Task brief: If an entry below holds a picture, leave the picture out and print the rest exactly.

Supplied entries:
· · ·

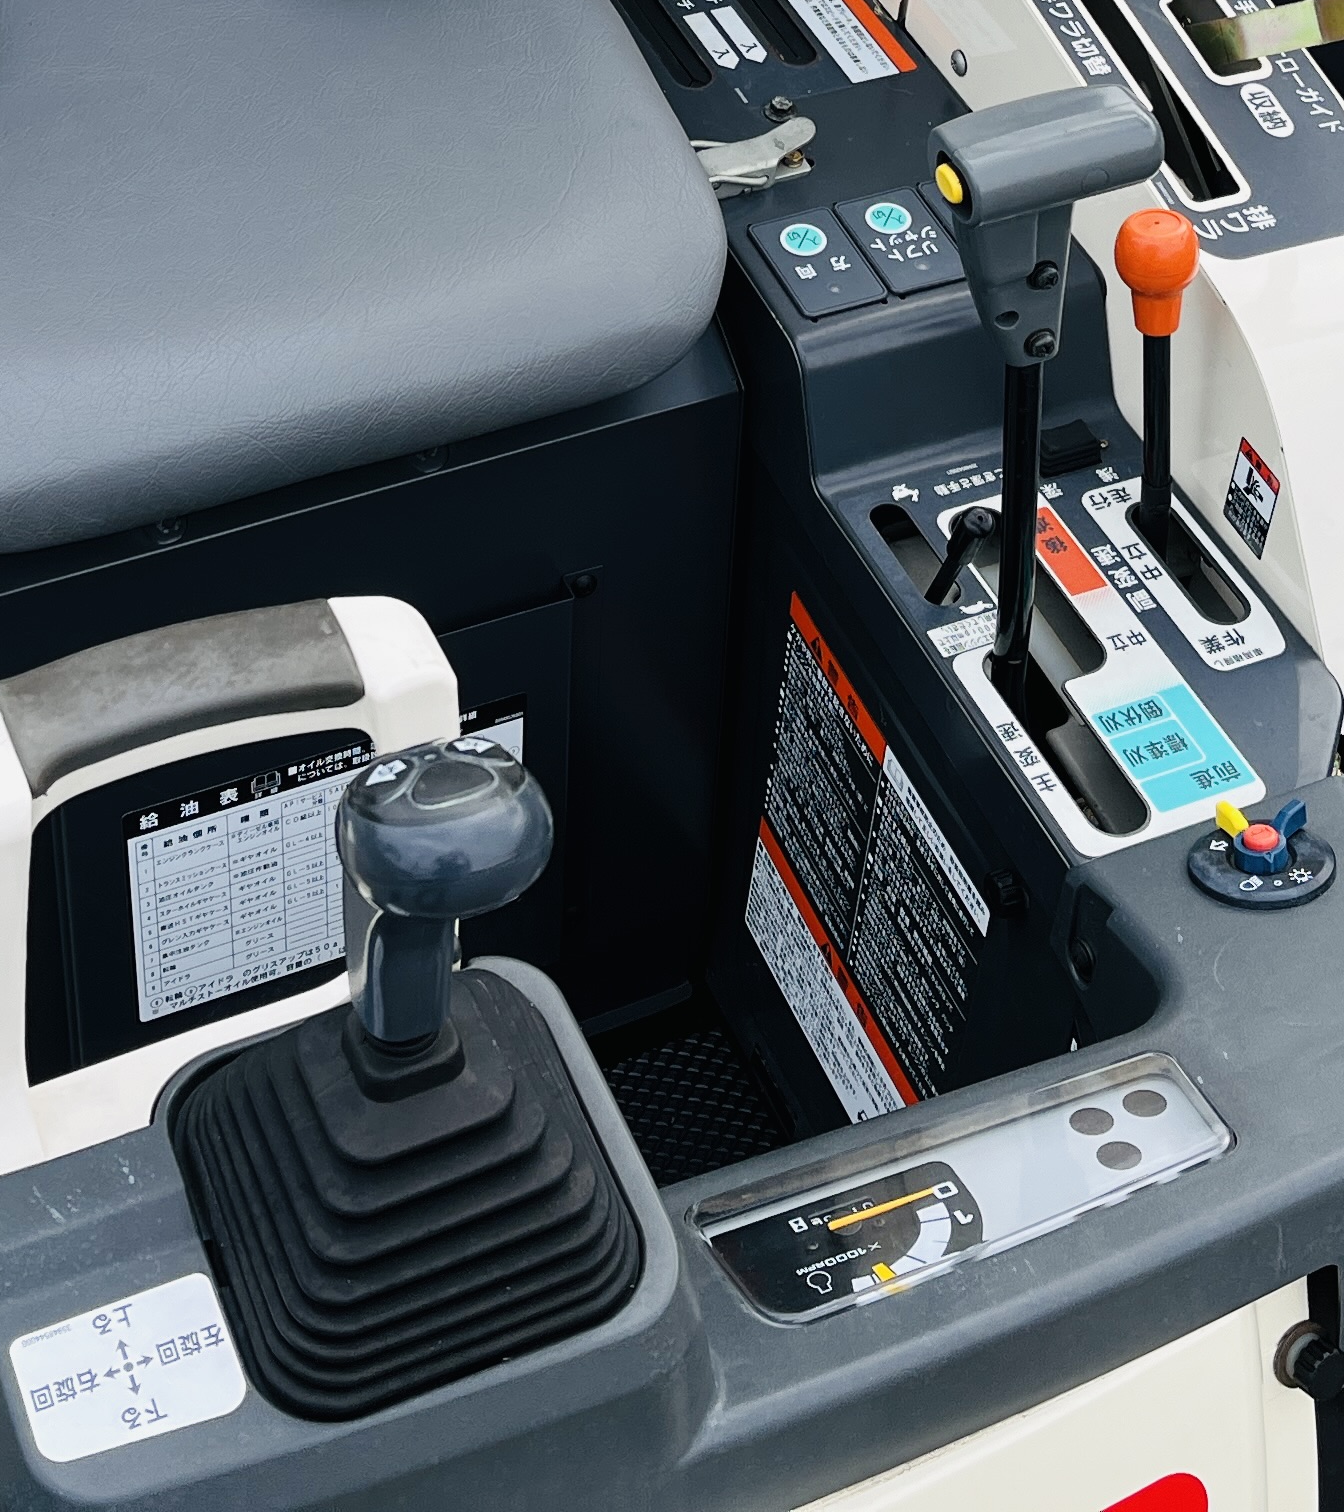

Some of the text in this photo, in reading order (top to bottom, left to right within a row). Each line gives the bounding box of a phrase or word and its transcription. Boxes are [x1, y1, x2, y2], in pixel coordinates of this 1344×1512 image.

[1245, 88, 1290, 132] 収納
[1200, 205, 1276, 241] 排ワラ
[794, 255, 852, 280] 方向
[888, 240, 939, 263] リフト
[1088, 486, 1133, 511] 走行
[1090, 543, 1157, 614] 副変速
[1121, 542, 1164, 582] 中立
[1106, 629, 1147, 652] 中立
[1198, 627, 1246, 655] 作業
[1098, 698, 1164, 734] 倒伏刈
[995, 721, 1058, 793] 主変速
[1122, 732, 1189, 768] 標準刈
[1189, 760, 1242, 790] 前進
[138, 786, 238, 831] 給油表
[933, 1180, 959, 1200] 0
[92, 1303, 134, 1335] 上る
[155, 1323, 226, 1367] 左旋回
[30, 1368, 101, 1414] 右旋回
[120, 1398, 169, 1431] 下る
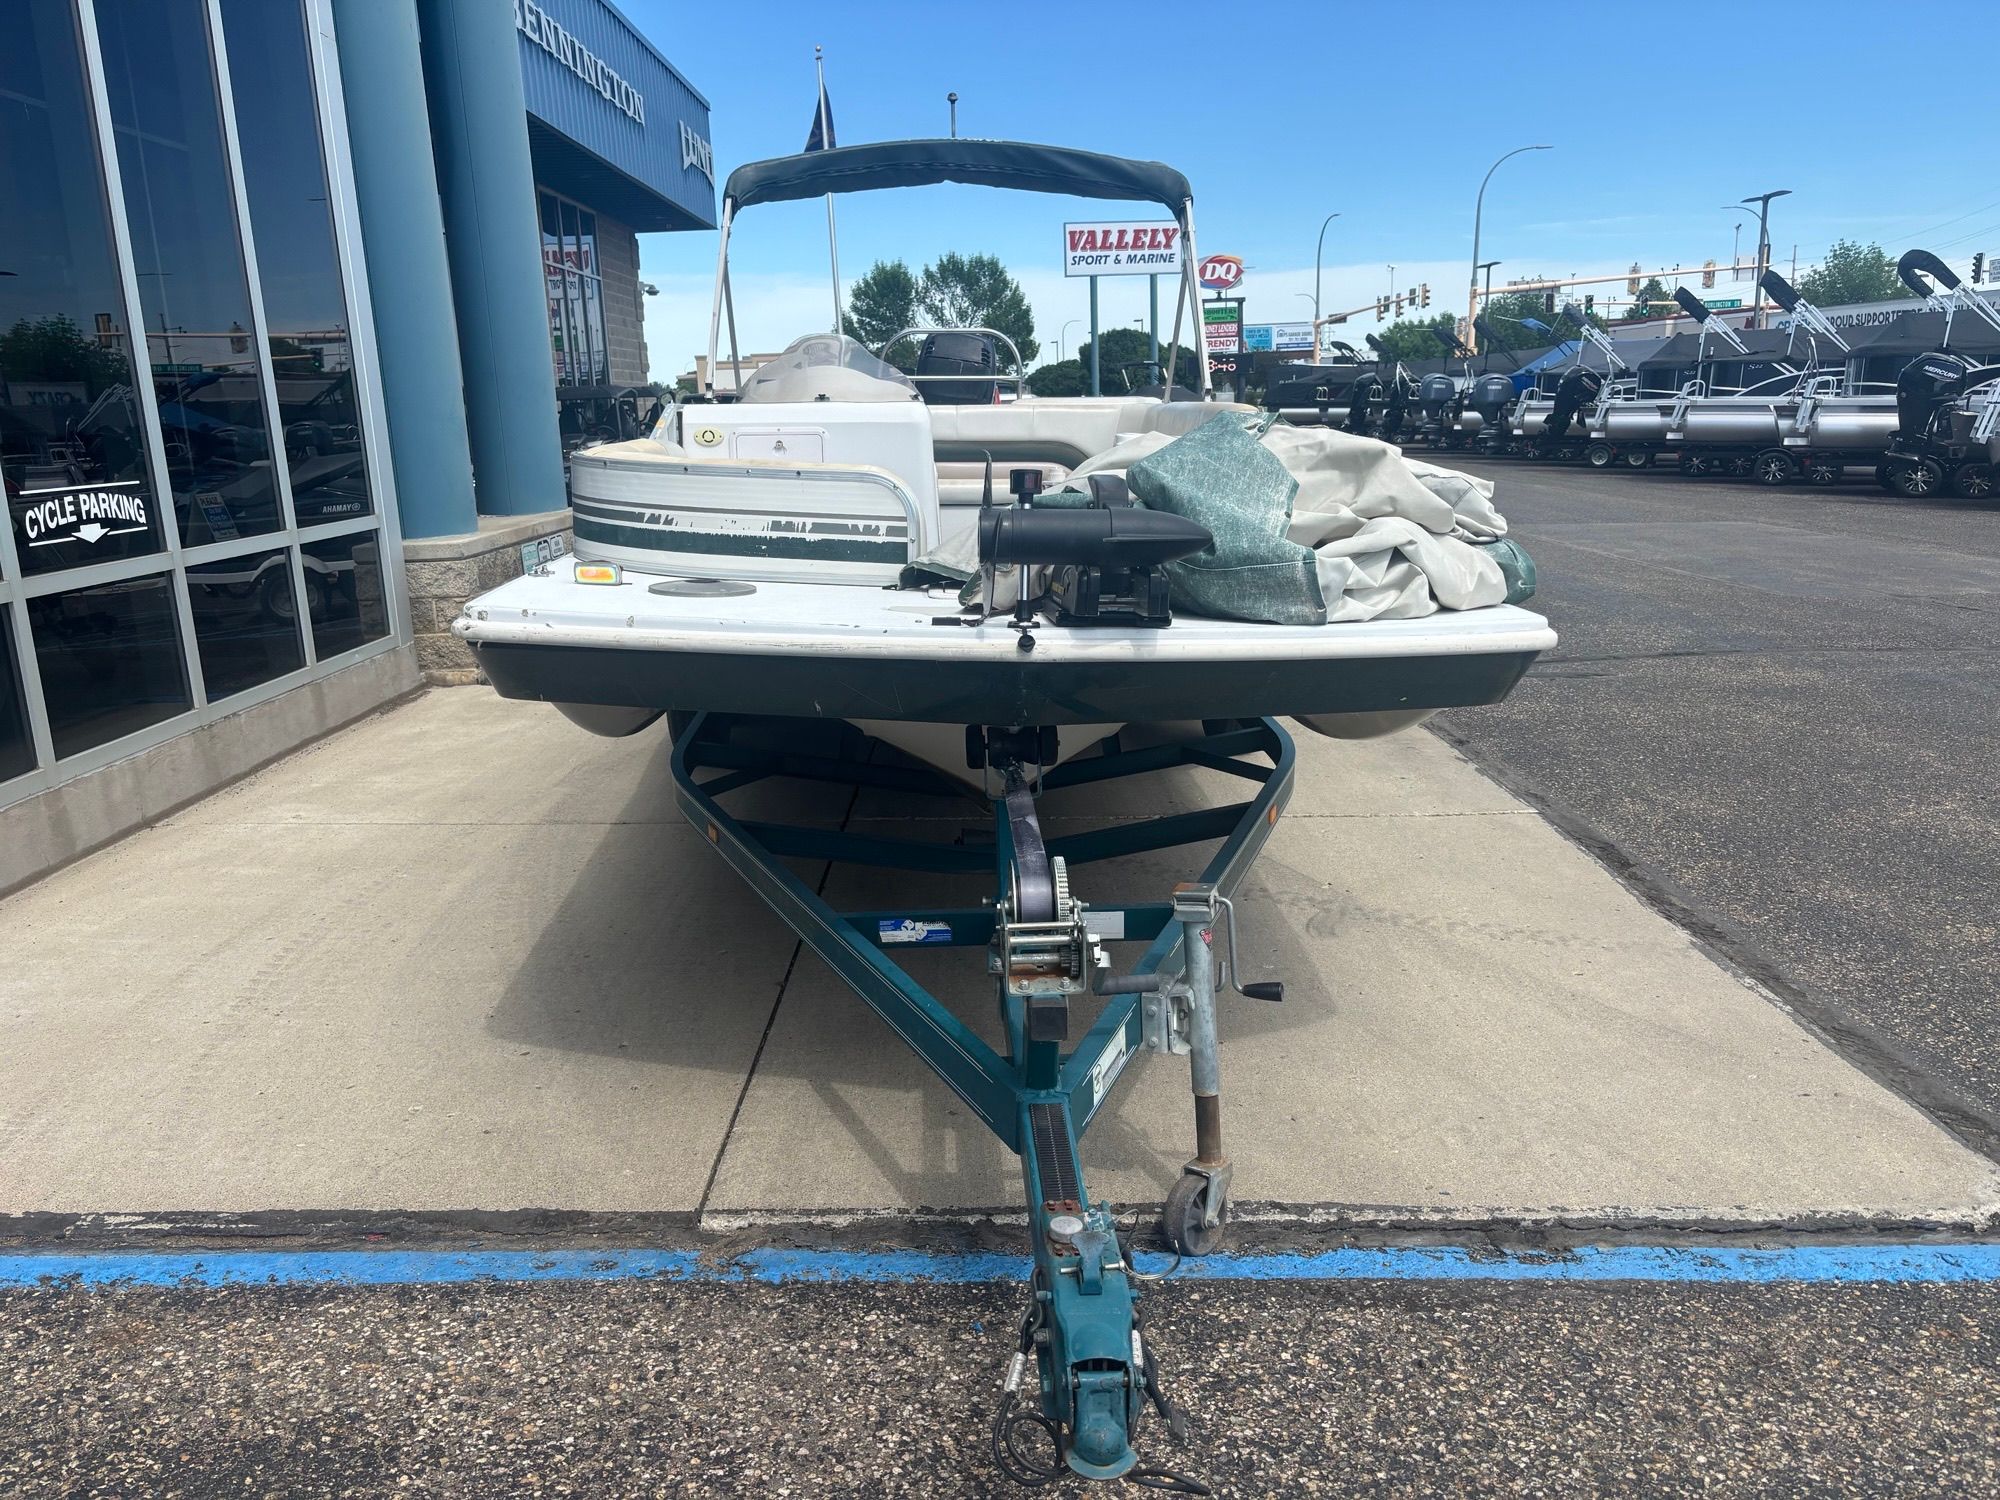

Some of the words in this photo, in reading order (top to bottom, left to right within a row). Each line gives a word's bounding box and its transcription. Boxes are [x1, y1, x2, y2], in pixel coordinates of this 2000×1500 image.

[1068, 227, 1180, 252] VALLELY
[1070, 254, 1110, 266] SPORT
[1113, 254, 1122, 265] &
[1126, 253, 1176, 265] MARINE
[1203, 262, 1237, 282] DQ
[1923, 365, 1960, 379] MERCURY
[25, 495, 77, 539] CYCLE
[79, 492, 147, 524] PARKING
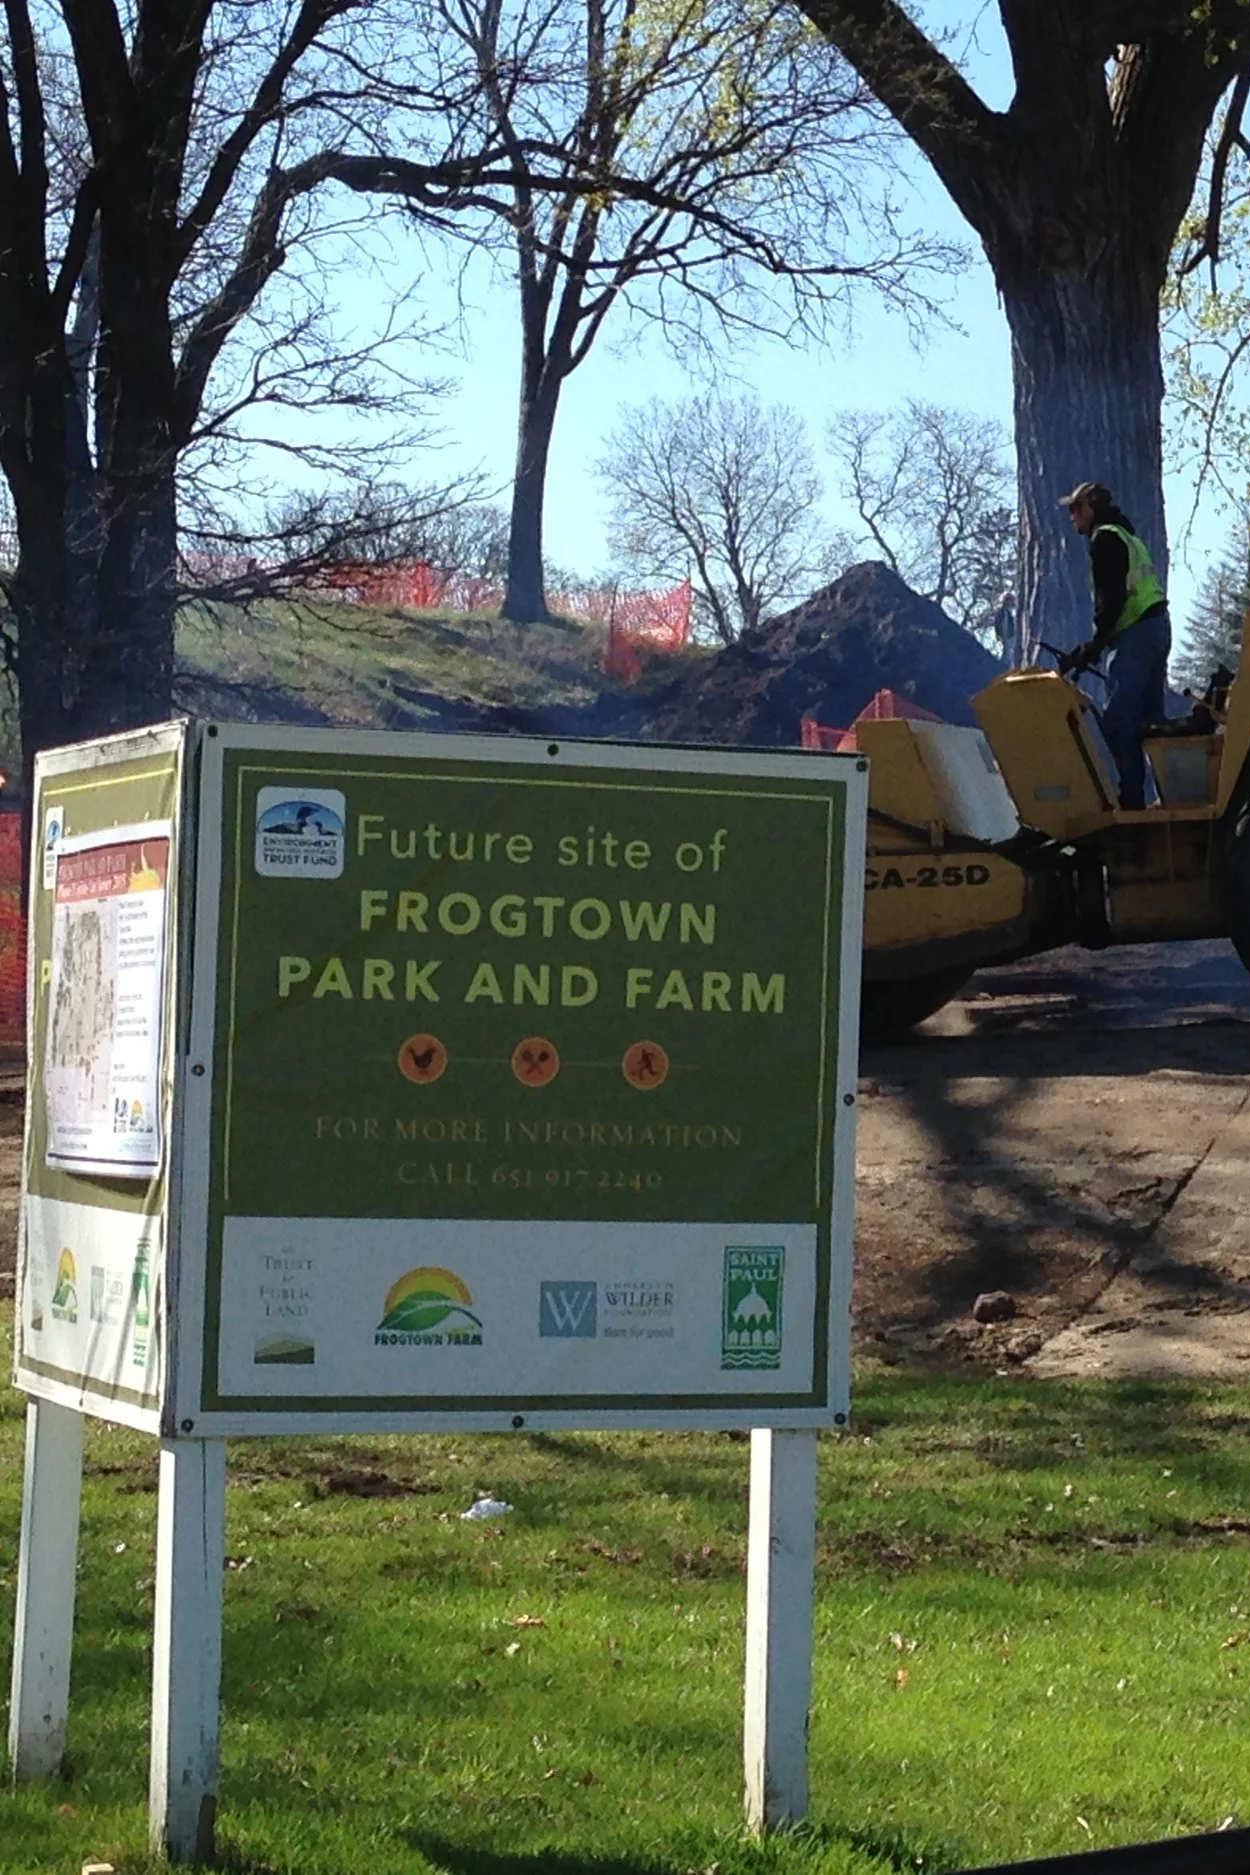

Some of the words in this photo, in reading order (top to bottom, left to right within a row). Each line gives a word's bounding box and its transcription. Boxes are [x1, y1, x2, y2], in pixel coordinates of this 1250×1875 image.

· · ·

Response area:
Some of the text in this photo, in reading order (top to bottom, left to right within a row). Each line gives the bounding box of a phrase or word and its transcription. Boxes are [x1, y1, x2, y2], in pixel coordinates of this 1344×1512 image.

[1245, 88, 1290, 132] 収納
[1200, 205, 1276, 241] 排ワラ
[794, 255, 852, 280] 方向
[888, 240, 939, 263] リフト
[1088, 486, 1133, 511] 走行
[1090, 543, 1157, 614] 副変速
[1121, 542, 1164, 582] 中立
[1106, 629, 1147, 652] 中立
[1198, 627, 1246, 655] 作業
[1098, 698, 1164, 734] 倒伏刈
[995, 721, 1058, 793] 主変速
[1122, 732, 1189, 768] 標準刈
[1189, 760, 1242, 790] 前進
[138, 786, 238, 831] 給油表
[933, 1180, 959, 1200] 0
[92, 1303, 134, 1335] 上る
[155, 1323, 226, 1367] 左旋回
[30, 1368, 101, 1414] 右旋回
[120, 1398, 169, 1431] 下る

Some of the words in this photo, in reading order (top to bottom, left to right within a row). Each line gives a word's bounding box and its transcription. Boxes are [x1, y1, x2, y2], in pixel coordinates of this 2000×1500 image.

[1068, 227, 1180, 252] VALLELY
[1070, 254, 1110, 266] SPORT
[1113, 254, 1122, 265] &
[1126, 253, 1176, 265] MARINE
[1203, 262, 1237, 282] DQ
[1923, 365, 1960, 379] MERCURY
[25, 495, 77, 539] CYCLE
[79, 492, 147, 524] PARKING

Some of the words in this photo, in reading order (top to bottom, left to right within a row). Each line gives a word's bounding box and its transcription. Boxes are [x1, y1, x2, y2], in pixel coordinates of this 1250×1875 image.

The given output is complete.